Como yo mismo soy a veces consciente de que tal vez últimamente me esté excediendo con mis artículos sobre relojes que poseo, aquí va uno, sobre uno que deseo, y que espero en un futuro poder conseguir. Porque el primer reloj que recuerdo que me gustase fue el Rolex Day-Date, y el segundo el Heuer Autavia.

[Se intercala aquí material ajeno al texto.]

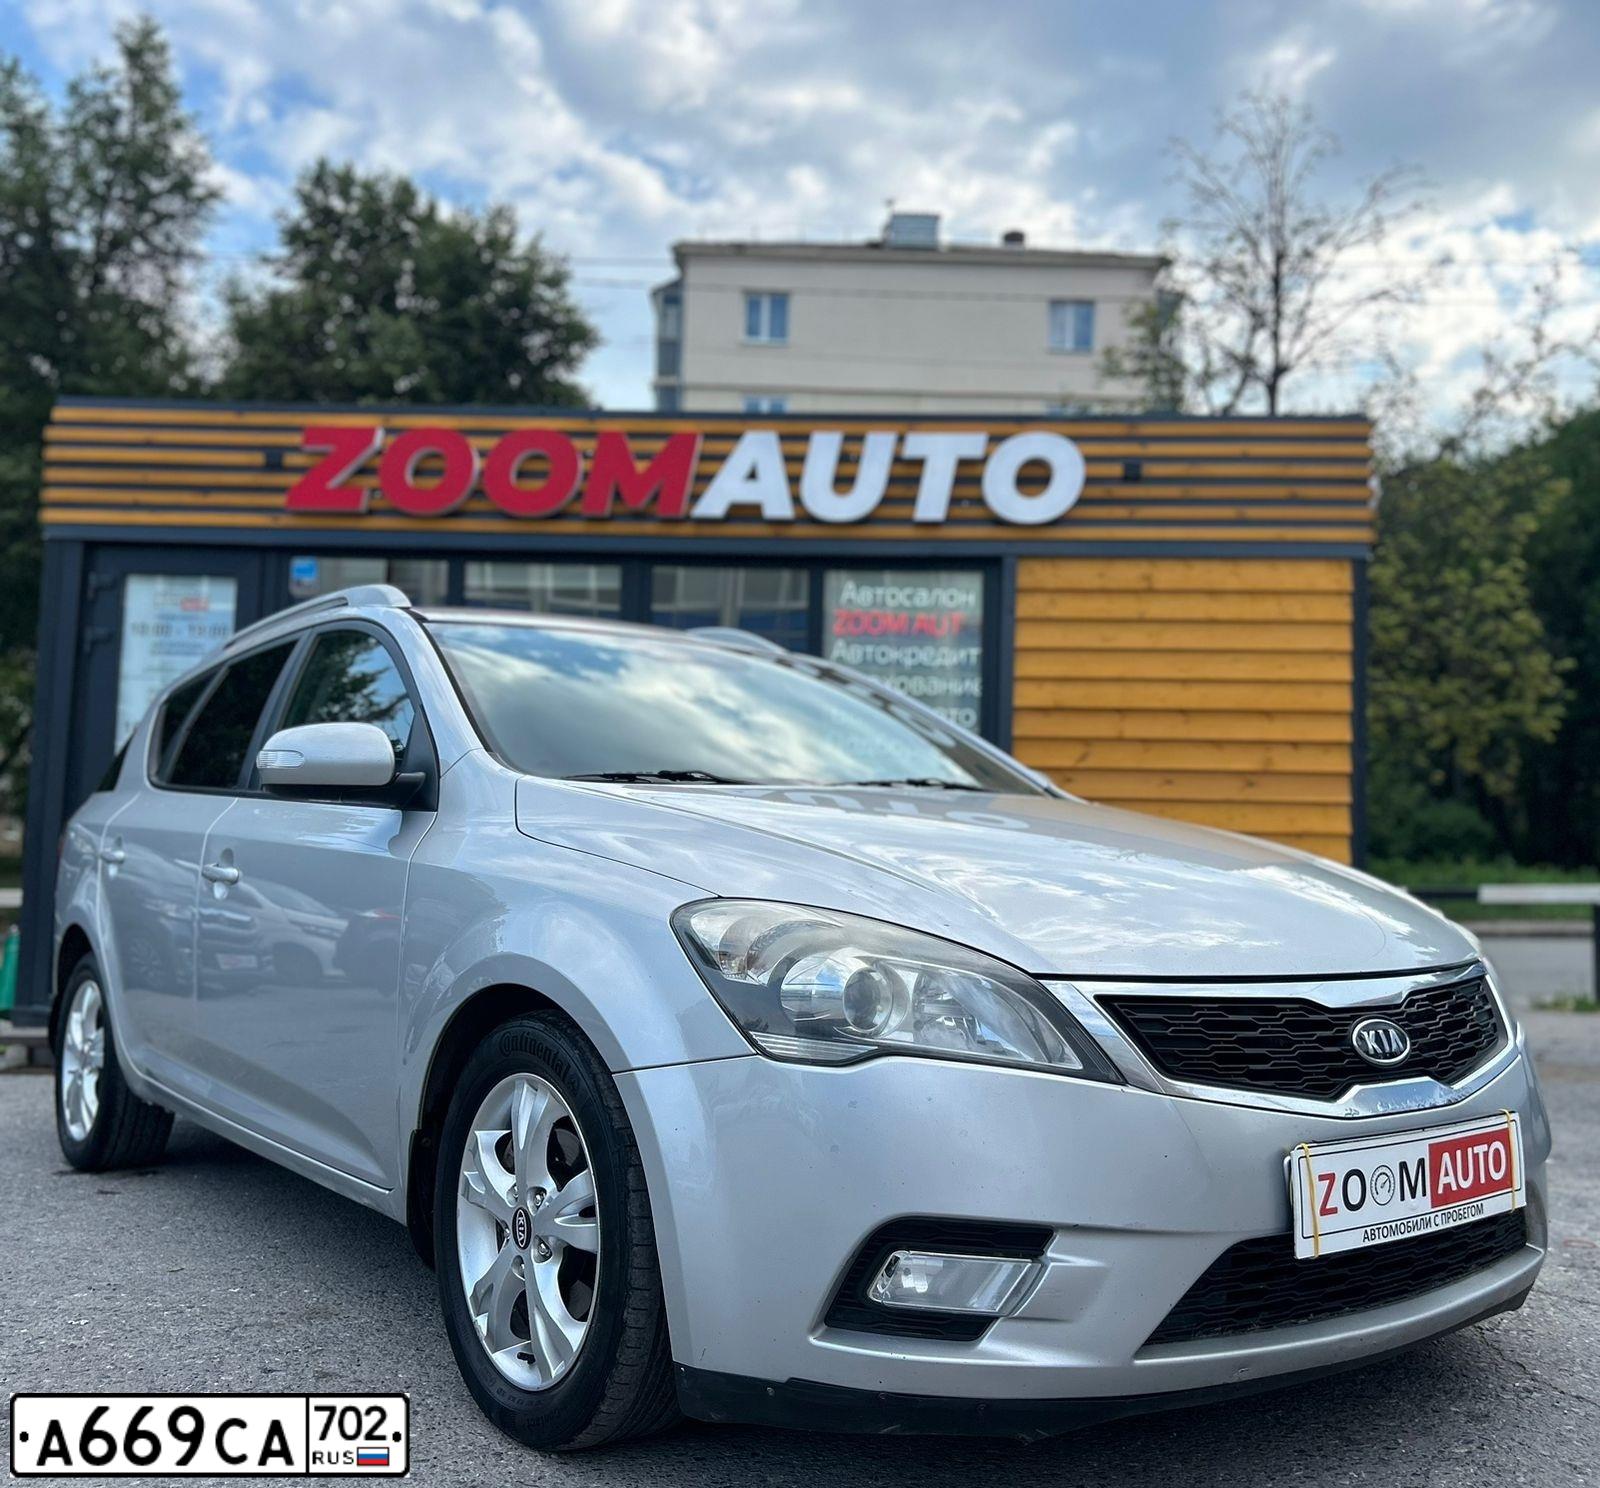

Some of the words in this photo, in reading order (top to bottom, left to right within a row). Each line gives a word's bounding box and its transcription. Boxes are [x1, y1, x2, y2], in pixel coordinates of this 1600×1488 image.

Antes de que en 1999 el grupo LVMH (Moët Hennessy, Louis Vuitton) se hiciera con la marca TAG Heuer convirtíendola en una marca de lujo, más que de herramientas precisas, y por supuesto antes de que en 1985 TAG (Techniques d’Avant Garde), se hiciera con la marca Heuer, dándole gran difusión mundial, Heuer, tenía una historia que se remontaba al año 1860.

Aparecido en 1933, el Autavia tiene el honor de ser el primer Heuer con denominación propia, un reloj de tablero para coches y aviones, que por combinación creó el nombre (combinación de las palabras automóvil y aviación).

En 1962 Heuer presenta el primer lote de Autavia, como reloj de muñeca, que estaría en producción hasta 1986. En 1963 lo hace el todavía vigente, aunque con bastantes cambios, Carrera.

A partir de 1969, montaría el Calibre 11 de manufactura propia, desarrollado bajo el paraguas del Proyecto 99, que en colaboración con Breitling y Hamilton pugnan por construir el primer movimiento cronográfico de carga automática, al que bautizarían como Chronomatic (Calibre 12).

Los pilotos de GP Giles Villeneuve, Graham Hill, Clay Regazzoni, Nikki Lauda, Phil Hill, Bruce McLaren, Jo Siffert o Jochen Rindt, que en la fotografía siguiente, luce un Autavia 2446 de 1966, y un curioso titular en el periódico del día.

La parte aeronáutica, vino de la mano del astronauta John Glenn, que gracias a su Heuer en la muñeca, el Autavia se convirtió en el primer reloj suizo en ir al espacio.

Son relojes que a día de hoy están muy valorados, lo que los aleja de muchos. No en vano, su cotización cuando están en óptimas condiciones es alta, pudiendo superar los 10.000€ en según que casos, y no siendo inferior a los 500€.